[PROVIDED ENTRIES]
━━━━━━━━━━━━━━━━━━━━━━━━━━━━━━

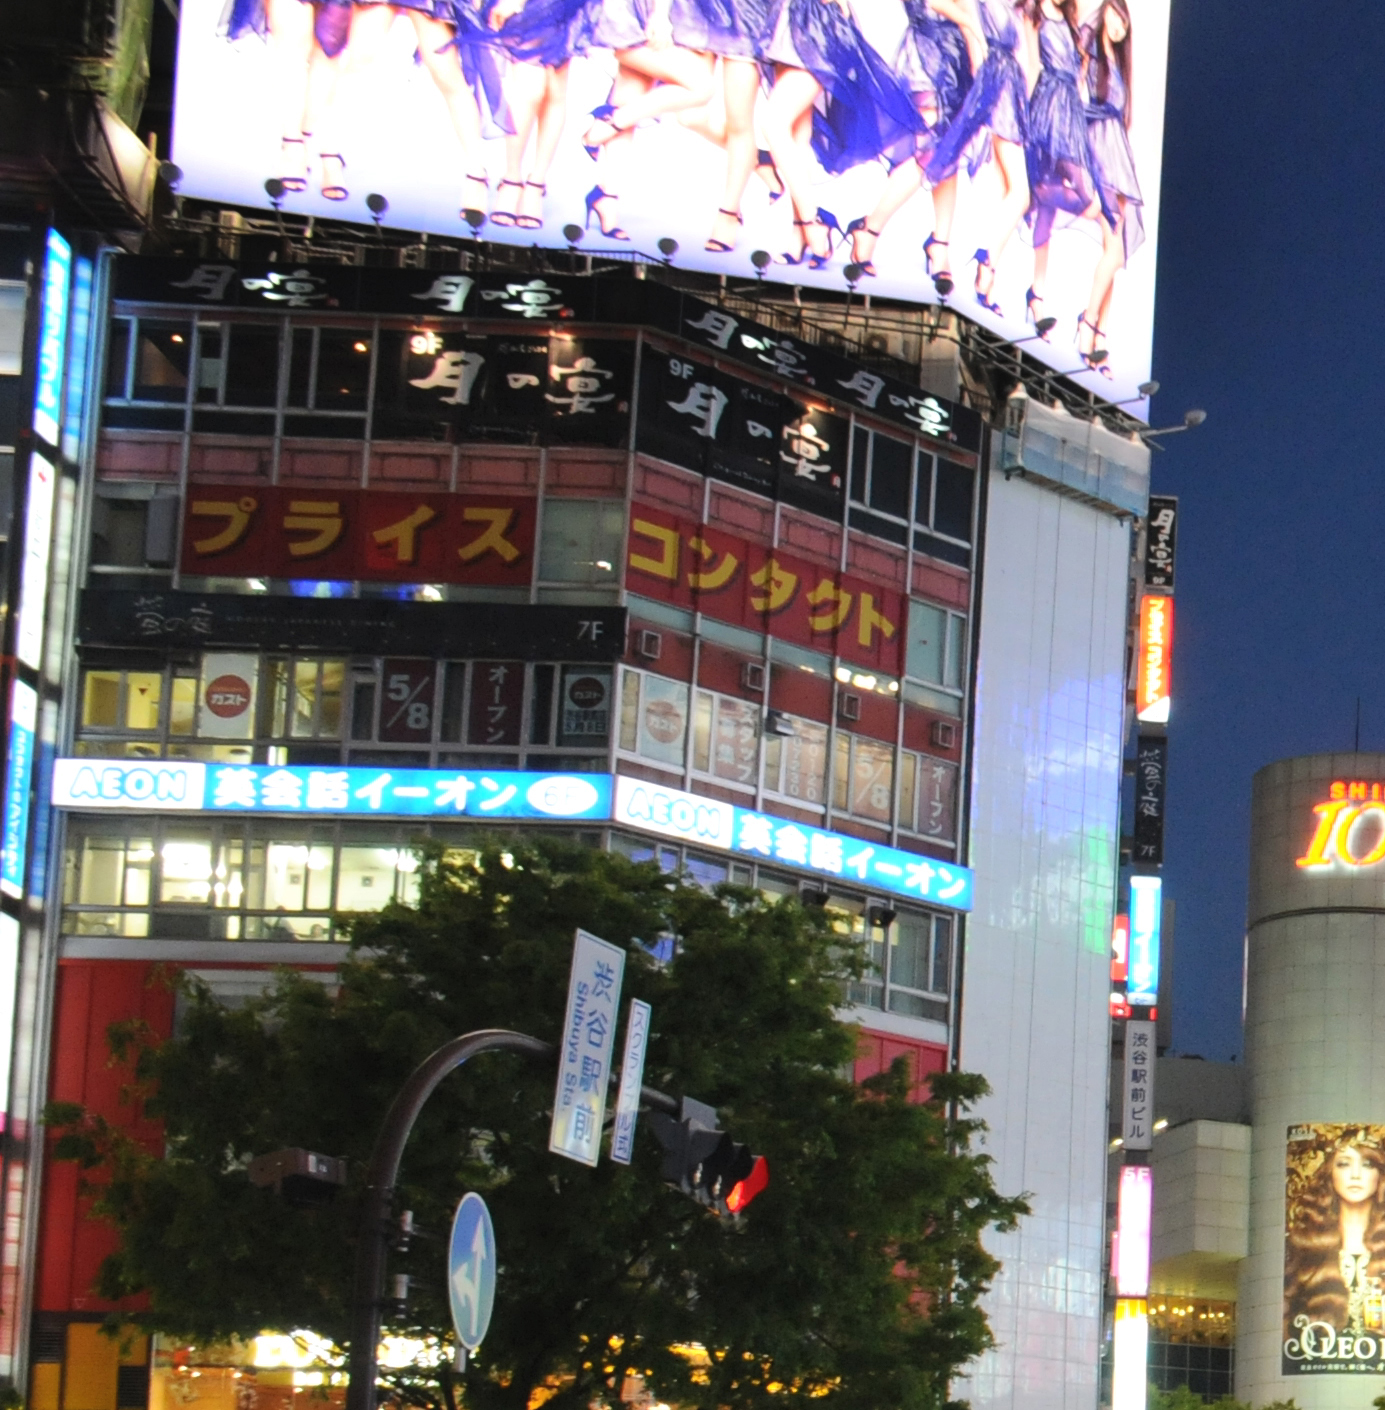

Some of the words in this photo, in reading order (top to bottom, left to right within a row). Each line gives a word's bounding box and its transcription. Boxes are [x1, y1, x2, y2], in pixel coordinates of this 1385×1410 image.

[410, 336, 443, 355] 9F
[669, 359, 695, 380] 9F
[408, 351, 615, 414] 月の宴
[667, 383, 832, 481] 月の宴
[192, 498, 519, 562] プライス
[630, 519, 894, 647] コンタクト
[577, 621, 604, 640] 7F
[211, 693, 247, 705] ガスト
[487, 665, 509, 744] オープン
[71, 766, 187, 801] AEON
[214, 767, 517, 811] 英会話イーオン
[627, 786, 721, 838] AEON
[929, 765, 947, 836] オープン
[739, 812, 965, 899] 英会話イーオン
[1141, 846, 1156, 857] 7F
[567, 981, 589, 1064] Shibuya
[574, 959, 615, 1145] 渋谷駅前
[562, 1072, 578, 1112] Sta.
[1129, 1032, 1150, 1139] 渋谷駅前ビル
[1124, 1167, 1151, 1182] 5F
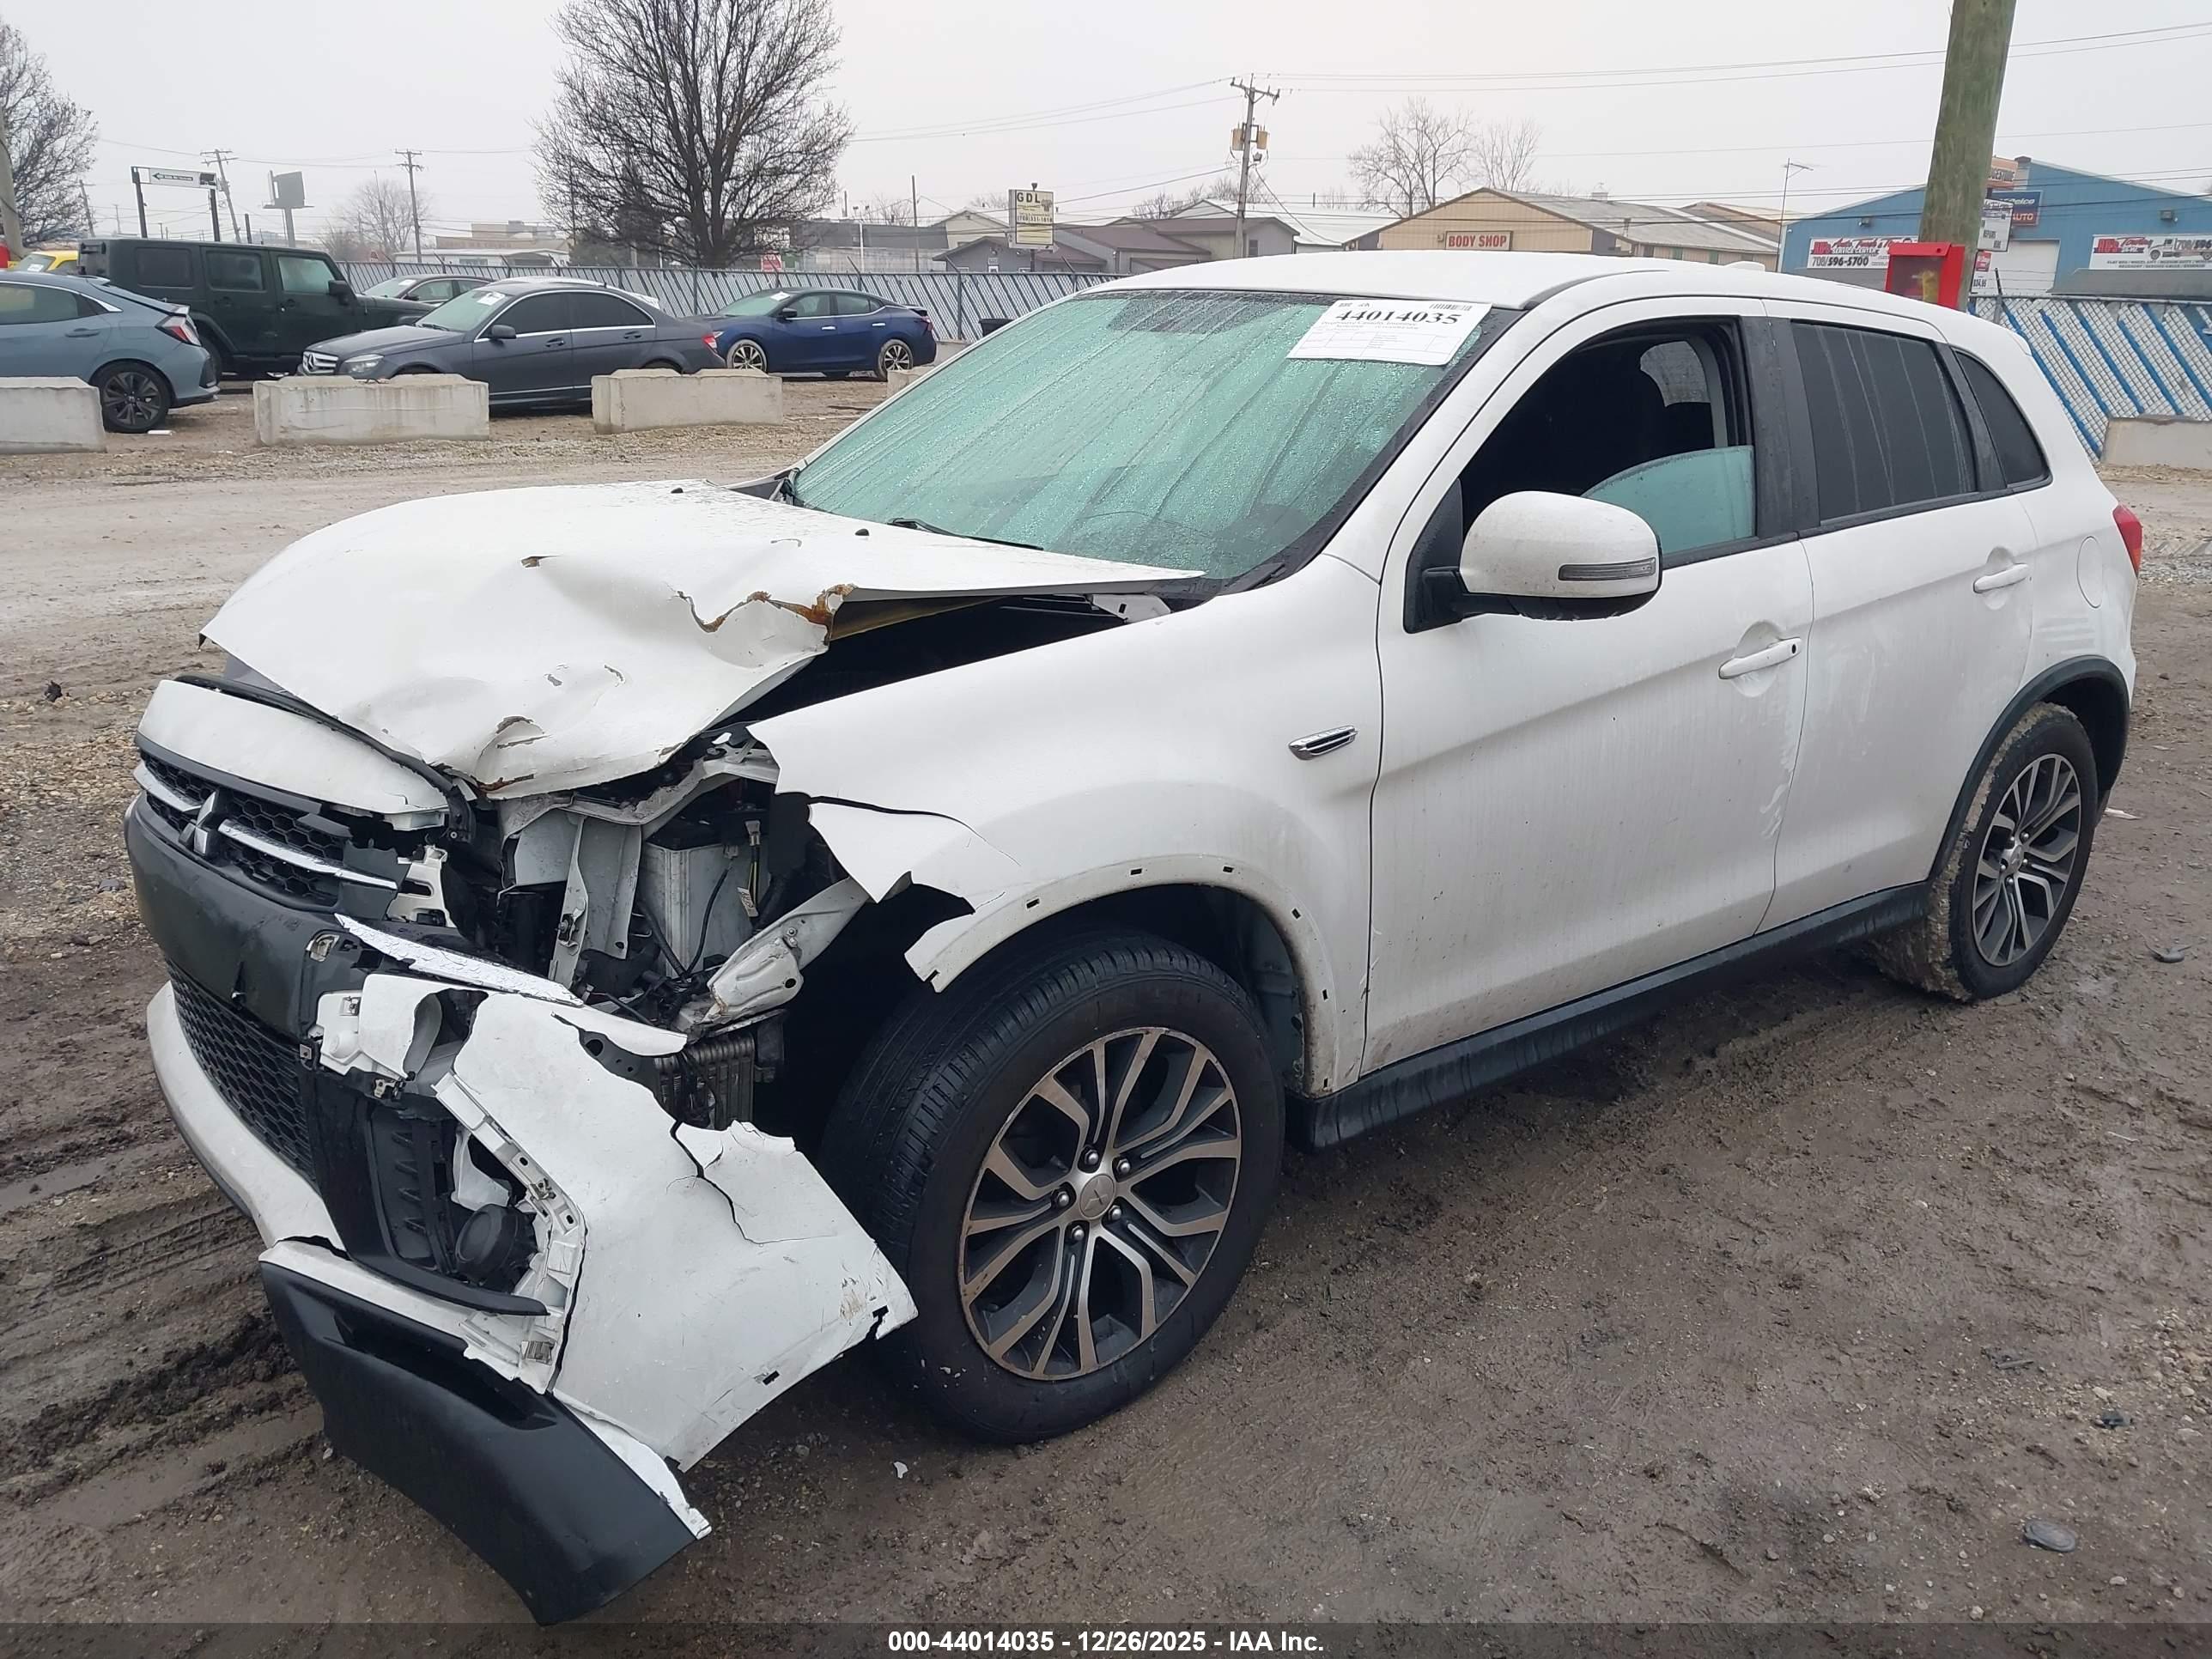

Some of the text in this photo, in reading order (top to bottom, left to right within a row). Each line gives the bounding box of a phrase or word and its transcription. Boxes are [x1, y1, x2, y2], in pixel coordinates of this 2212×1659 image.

[1017, 191, 1040, 204] GDL
[1449, 235, 1507, 247] BODY SHOP
[1811, 256, 1869, 267] 708/596-5700
[1335, 310, 1462, 325] 44014035

━━━━━━━━━━━━━━━━━━━━━━━━━━━━━━

[INSTRUCTIONS FOR THE TASK] Only the words belong in your copy: restate the data above exactly and leave the images out.

[WRITTEN SOLUTION]
Some of the words in this photo, in reading order (top to bottom, left to right within a row). Each line gives a word's bounding box and its transcription. Boxes are [x1, y1, x2, y2], in pixel coordinates of this 1385×1410 image.

[410, 336, 443, 355] 9F
[669, 359, 695, 380] 9F
[408, 351, 615, 414] 月の宴
[667, 383, 832, 481] 月の宴
[192, 498, 519, 562] プライス
[630, 519, 894, 647] コンタクト
[577, 621, 604, 640] 7F
[211, 693, 247, 705] ガスト
[487, 665, 509, 744] オープン
[71, 766, 187, 801] AEON
[214, 767, 517, 811] 英会話イーオン
[627, 786, 721, 838] AEON
[929, 765, 947, 836] オープン
[739, 812, 965, 899] 英会話イーオン
[1141, 846, 1156, 857] 7F
[567, 981, 589, 1064] Shibuya
[574, 959, 615, 1145] 渋谷駅前
[562, 1072, 578, 1112] Sta.
[1129, 1032, 1150, 1139] 渋谷駅前ビル
[1124, 1167, 1151, 1182] 5F

Some of the text in this photo, in reading order (top to bottom, left to right within a row). Each line gives the bounding box of a phrase or word and its transcription. Boxes are [x1, y1, x2, y2], in pixel coordinates of this 2212×1659 image.

[1017, 191, 1040, 204] GDL
[1449, 235, 1507, 247] BODY SHOP
[1811, 256, 1869, 267] 708/596-5700
[1335, 310, 1462, 325] 44014035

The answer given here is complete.